(Dataset entries)
____________________

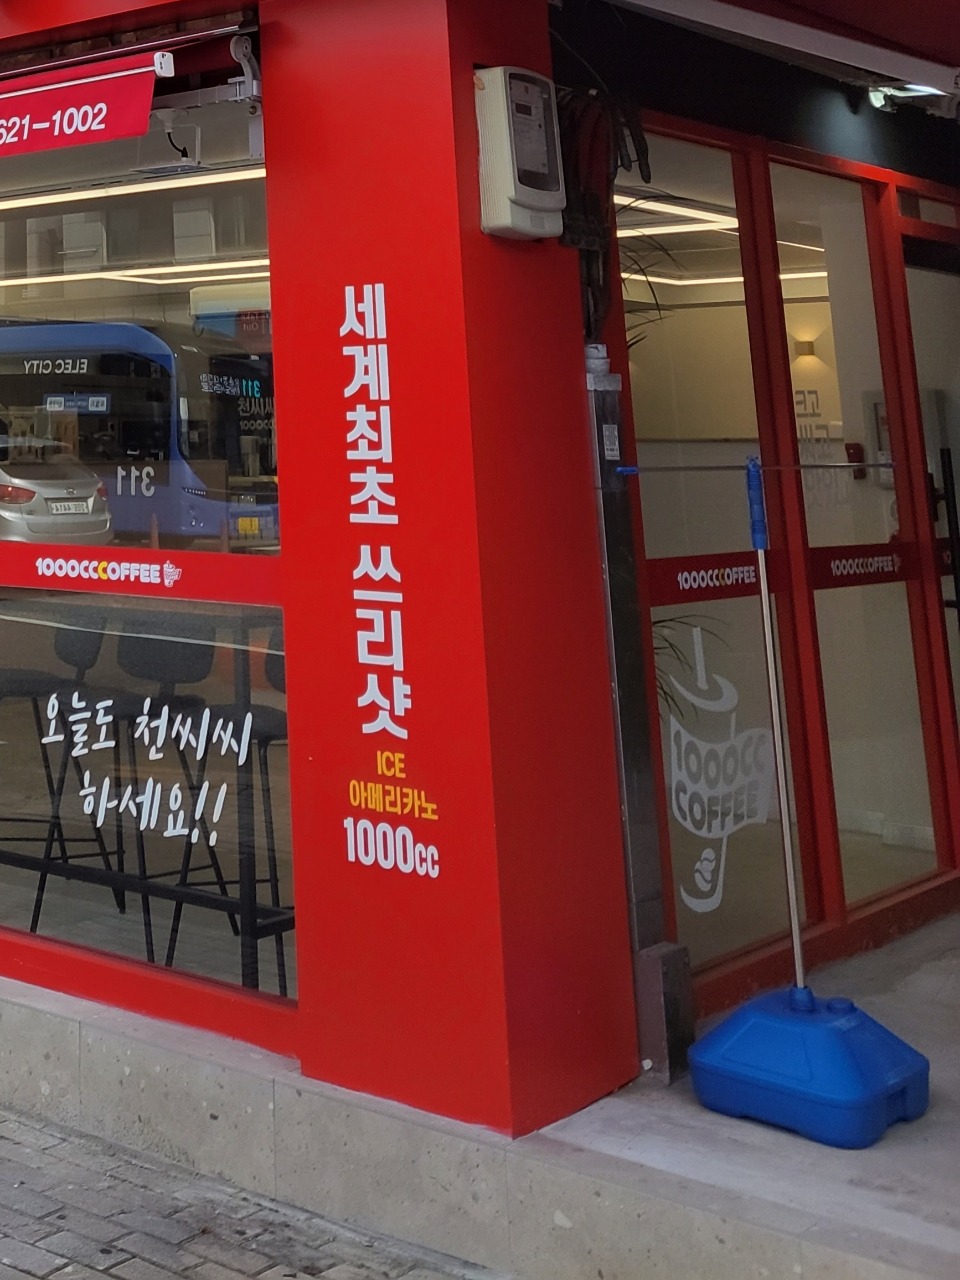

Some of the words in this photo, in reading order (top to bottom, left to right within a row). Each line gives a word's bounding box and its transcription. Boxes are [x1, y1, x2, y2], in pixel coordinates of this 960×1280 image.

[352, 543, 413, 741] 쓰리샷
[40, 690, 116, 758] 오늘도
[134, 696, 253, 767] 천씨씨
[672, 728, 768, 790] 1000CC
[376, 750, 406, 780] ICE
[79, 770, 228, 848] 하세요!!
[349, 777, 440, 821] 아메리카노
[673, 780, 759, 832] COFFEE

____________________

Problem description:
Retype the data above exactly. Leave the pictures out.

Problem solution:
Some of the words in this photo, in reading order (top to bottom, left to right within a row). Each line gives a word's bounding box and its transcription. Boxes are [x1, y1, x2, y2], in pixel coordinates of this 960×1280 image.

[352, 543, 413, 741] 쓰리샷
[40, 690, 116, 758] 오늘도
[134, 696, 253, 767] 천씨씨
[672, 728, 768, 790] 1000CC
[376, 750, 406, 780] ICE
[79, 770, 228, 848] 하세요!!
[349, 777, 440, 821] 아메리카노
[673, 780, 759, 832] COFFEE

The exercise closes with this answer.